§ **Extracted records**
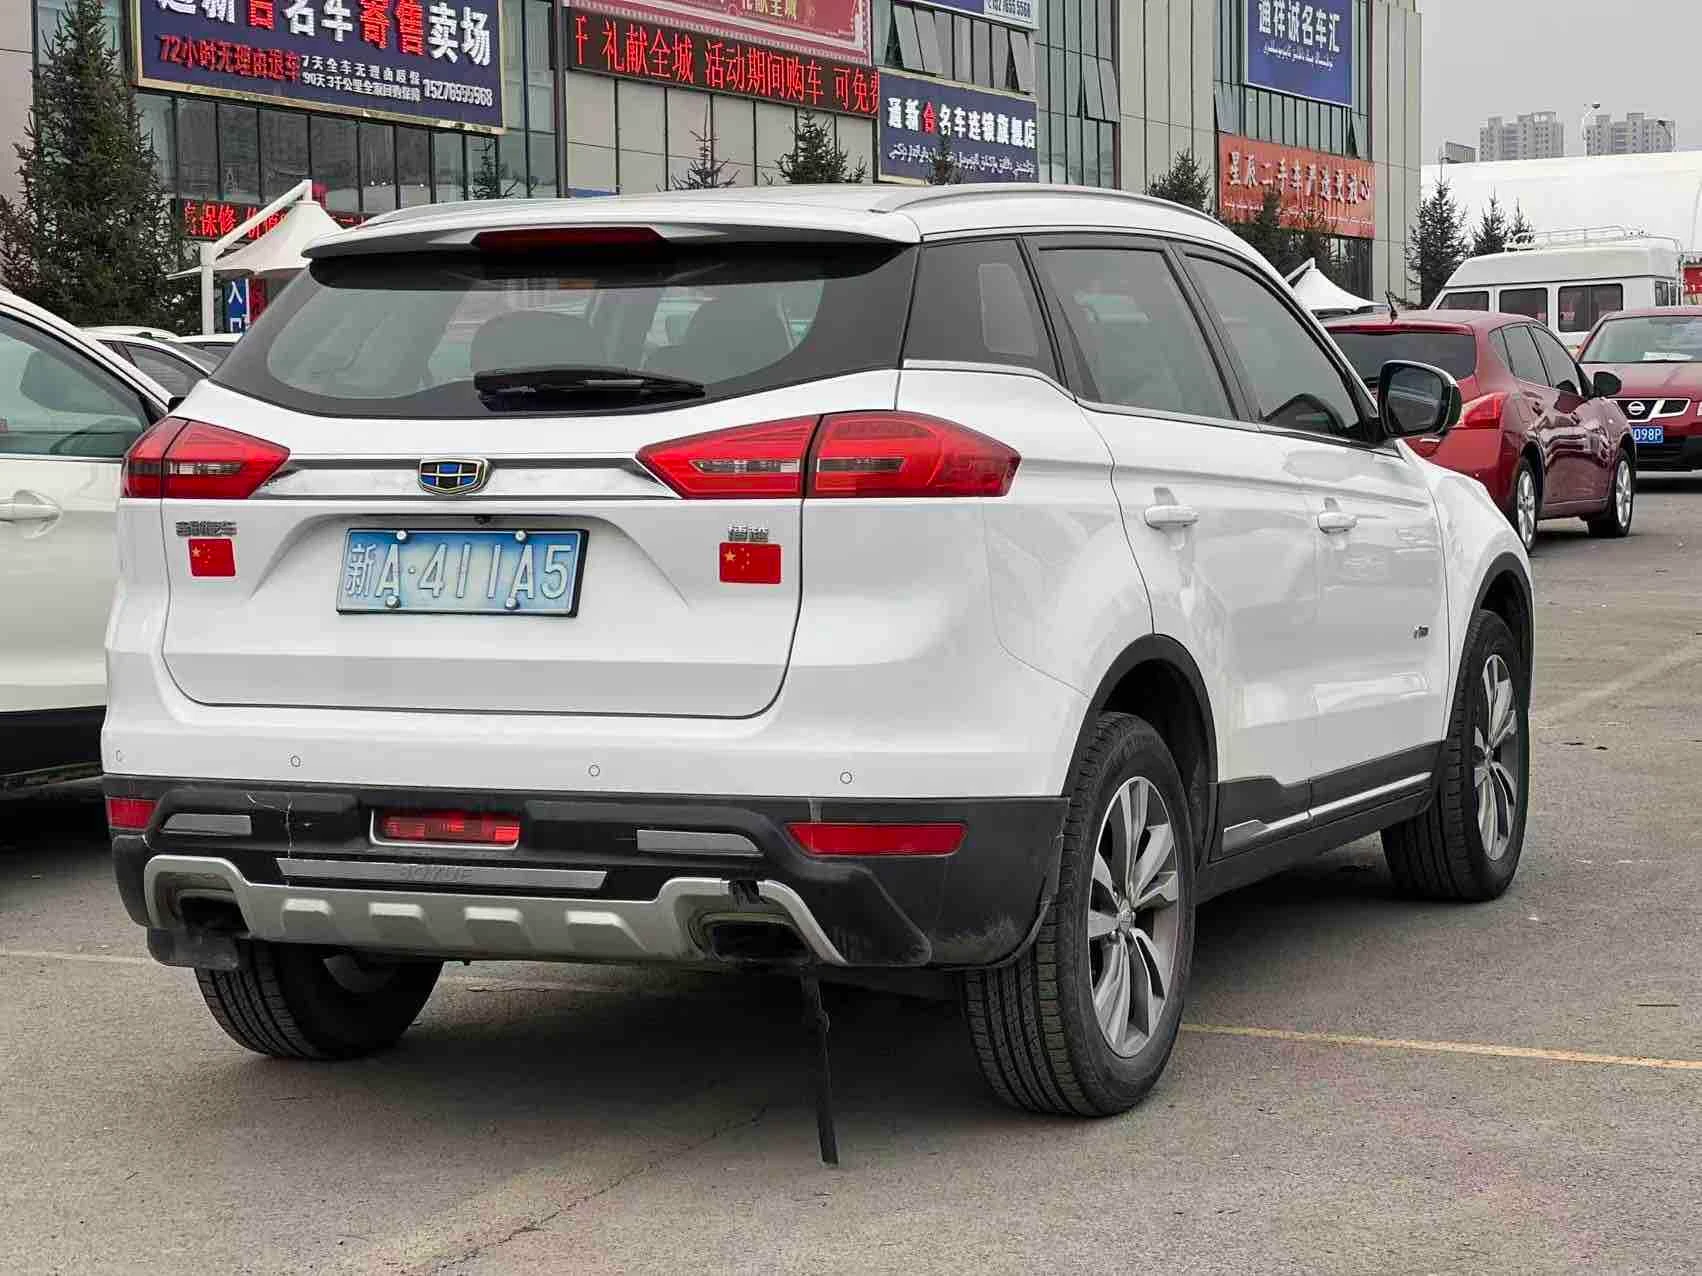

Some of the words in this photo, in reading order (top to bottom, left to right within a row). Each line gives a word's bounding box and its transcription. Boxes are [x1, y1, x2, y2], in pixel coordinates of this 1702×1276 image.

[601, 18, 694, 84] 礼献全城
[704, 40, 824, 105] 活动期间购车
[1632, 428, 1661, 441] 098P
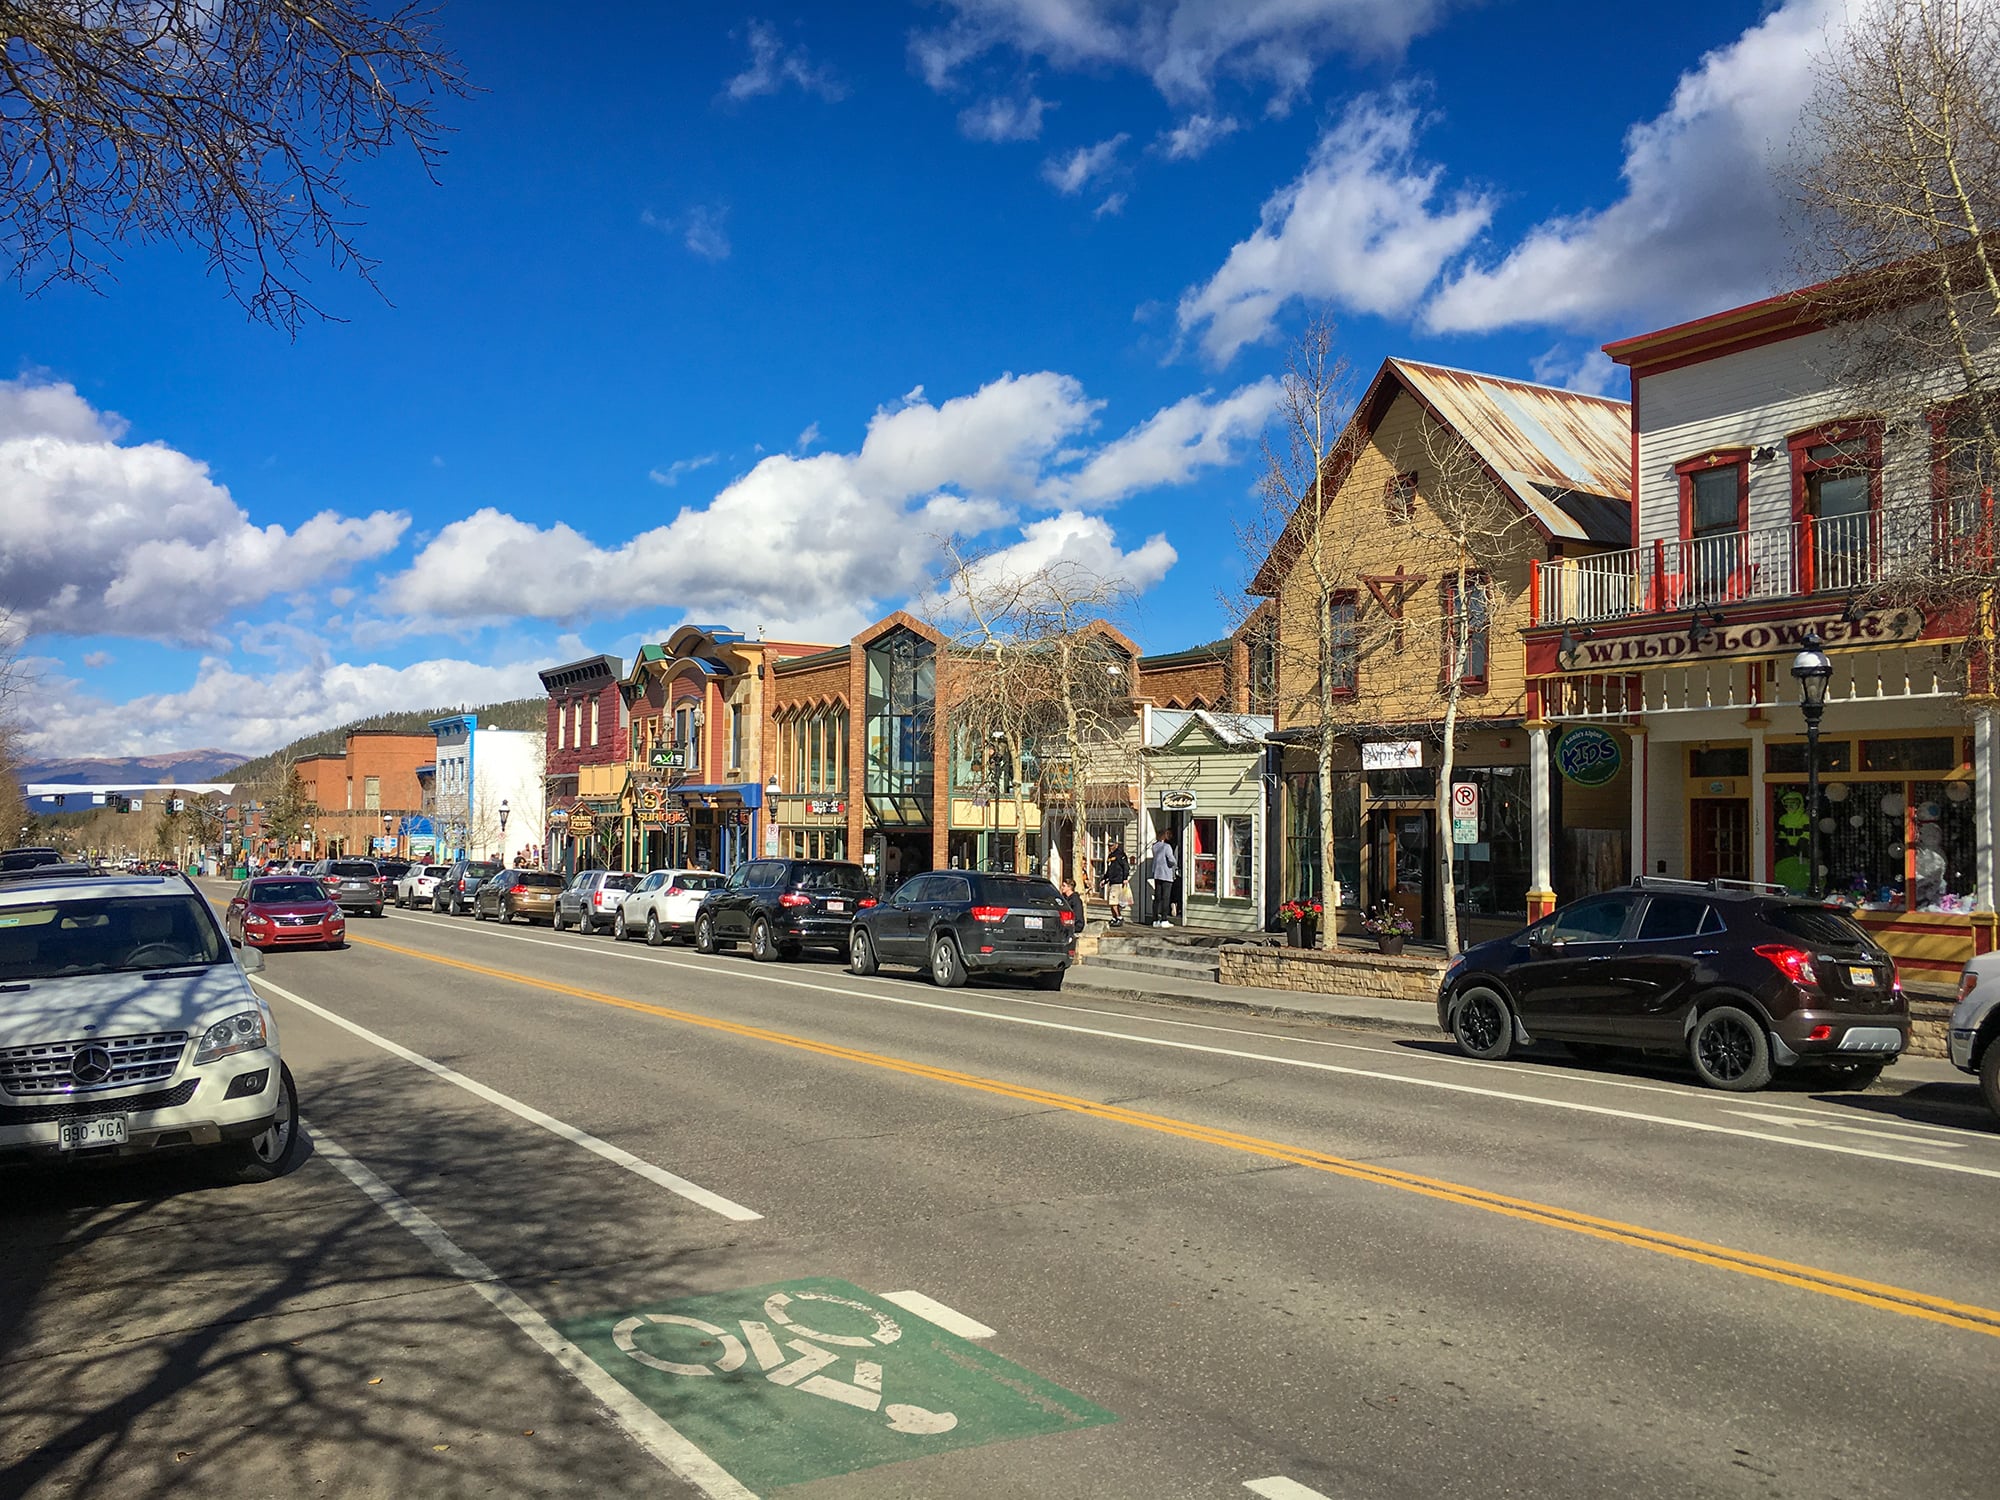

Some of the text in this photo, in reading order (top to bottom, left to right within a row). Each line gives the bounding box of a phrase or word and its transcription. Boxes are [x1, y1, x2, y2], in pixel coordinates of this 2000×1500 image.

§ **Goal of the exercise**
The entries are to be restated word for word, with pictures omitted.

§ **Task output**
Some of the words in this photo, in reading order (top to bottom, left to right within a row). Each line gives a word's bounding box and its transcription. Boxes are [x1, y1, x2, y2], in pixel coordinates of this 1702×1276 image.

[601, 18, 694, 84] 礼献全城
[704, 40, 824, 105] 活动期间购车
[1632, 428, 1661, 441] 098P

Some of the text in this photo, in reading order (top to bottom, left to right within a row). Each line gives the bounding box of a phrase or word and its transcription. Boxes are [x1, y1, x2, y2], in pixel coordinates of this 2000×1500 image.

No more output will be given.